------ Source data ------

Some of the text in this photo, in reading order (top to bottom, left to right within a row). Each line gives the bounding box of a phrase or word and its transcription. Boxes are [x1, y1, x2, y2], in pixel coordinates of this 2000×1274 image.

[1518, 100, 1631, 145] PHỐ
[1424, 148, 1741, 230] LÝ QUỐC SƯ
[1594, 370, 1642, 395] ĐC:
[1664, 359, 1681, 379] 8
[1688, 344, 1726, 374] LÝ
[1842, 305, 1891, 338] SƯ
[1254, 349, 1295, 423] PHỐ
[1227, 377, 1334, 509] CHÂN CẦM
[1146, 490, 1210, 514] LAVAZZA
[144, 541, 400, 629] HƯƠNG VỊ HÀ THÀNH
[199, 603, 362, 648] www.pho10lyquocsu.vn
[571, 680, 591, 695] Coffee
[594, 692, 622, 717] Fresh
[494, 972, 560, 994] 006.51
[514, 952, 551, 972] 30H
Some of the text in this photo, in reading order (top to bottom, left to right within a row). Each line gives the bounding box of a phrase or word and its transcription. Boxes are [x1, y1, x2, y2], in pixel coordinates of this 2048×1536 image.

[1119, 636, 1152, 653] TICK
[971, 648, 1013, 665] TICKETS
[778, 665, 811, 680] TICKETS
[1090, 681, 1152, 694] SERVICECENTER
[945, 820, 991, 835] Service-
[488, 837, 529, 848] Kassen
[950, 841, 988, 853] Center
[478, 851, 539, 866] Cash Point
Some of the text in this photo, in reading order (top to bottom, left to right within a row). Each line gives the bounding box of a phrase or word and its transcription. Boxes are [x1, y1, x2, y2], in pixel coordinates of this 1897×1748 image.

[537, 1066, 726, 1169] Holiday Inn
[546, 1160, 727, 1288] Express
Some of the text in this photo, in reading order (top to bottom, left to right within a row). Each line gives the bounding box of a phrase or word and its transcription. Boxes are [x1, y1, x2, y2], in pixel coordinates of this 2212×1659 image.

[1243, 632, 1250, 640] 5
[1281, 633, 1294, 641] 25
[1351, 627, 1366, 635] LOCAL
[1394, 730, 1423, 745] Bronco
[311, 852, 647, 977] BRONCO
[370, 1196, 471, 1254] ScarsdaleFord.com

------

-- The problem --
Give back every entry, word for word.

-- Response box --
Some of the text in this photo, in reading order (top to bottom, left to right within a row). Each line gives the bounding box of a phrase or word and its transcription. Boxes are [x1, y1, x2, y2], in pixel coordinates of this 2000×1274 image.

[1518, 100, 1631, 145] PHỐ
[1424, 148, 1741, 230] LÝ QUỐC SƯ
[1594, 370, 1642, 395] ĐC:
[1664, 359, 1681, 379] 8
[1688, 344, 1726, 374] LÝ
[1842, 305, 1891, 338] SƯ
[1254, 349, 1295, 423] PHỐ
[1227, 377, 1334, 509] CHÂN CẦM
[1146, 490, 1210, 514] LAVAZZA
[144, 541, 400, 629] HƯƠNG VỊ HÀ THÀNH
[199, 603, 362, 648] www.pho10lyquocsu.vn
[571, 680, 591, 695] Coffee
[594, 692, 622, 717] Fresh
[494, 972, 560, 994] 006.51
[514, 952, 551, 972] 30H
Some of the text in this photo, in reading order (top to bottom, left to right within a row). Each line gives the bounding box of a phrase or word and its transcription. Boxes are [x1, y1, x2, y2], in pixel coordinates of this 2048×1536 image.

[1119, 636, 1152, 653] TICK
[971, 648, 1013, 665] TICKETS
[778, 665, 811, 680] TICKETS
[1090, 681, 1152, 694] SERVICECENTER
[945, 820, 991, 835] Service-
[488, 837, 529, 848] Kassen
[950, 841, 988, 853] Center
[478, 851, 539, 866] Cash Point
Some of the text in this photo, in reading order (top to bottom, left to right within a row). Each line gives the bounding box of a phrase or word and its transcription. Boxes are [x1, y1, x2, y2], in pixel coordinates of this 1897×1748 image.

[537, 1066, 726, 1169] Holiday Inn
[546, 1160, 727, 1288] Express
Some of the text in this photo, in reading order (top to bottom, left to right within a row). Each line gives the bounding box of a phrase or word and its transcription. Boxes are [x1, y1, x2, y2], in pixel coordinates of this 2212×1659 image.

[1243, 632, 1250, 640] 5
[1281, 633, 1294, 641] 25
[1351, 627, 1366, 635] LOCAL
[1394, 730, 1423, 745] Bronco
[311, 852, 647, 977] BRONCO
[370, 1196, 471, 1254] ScarsdaleFord.com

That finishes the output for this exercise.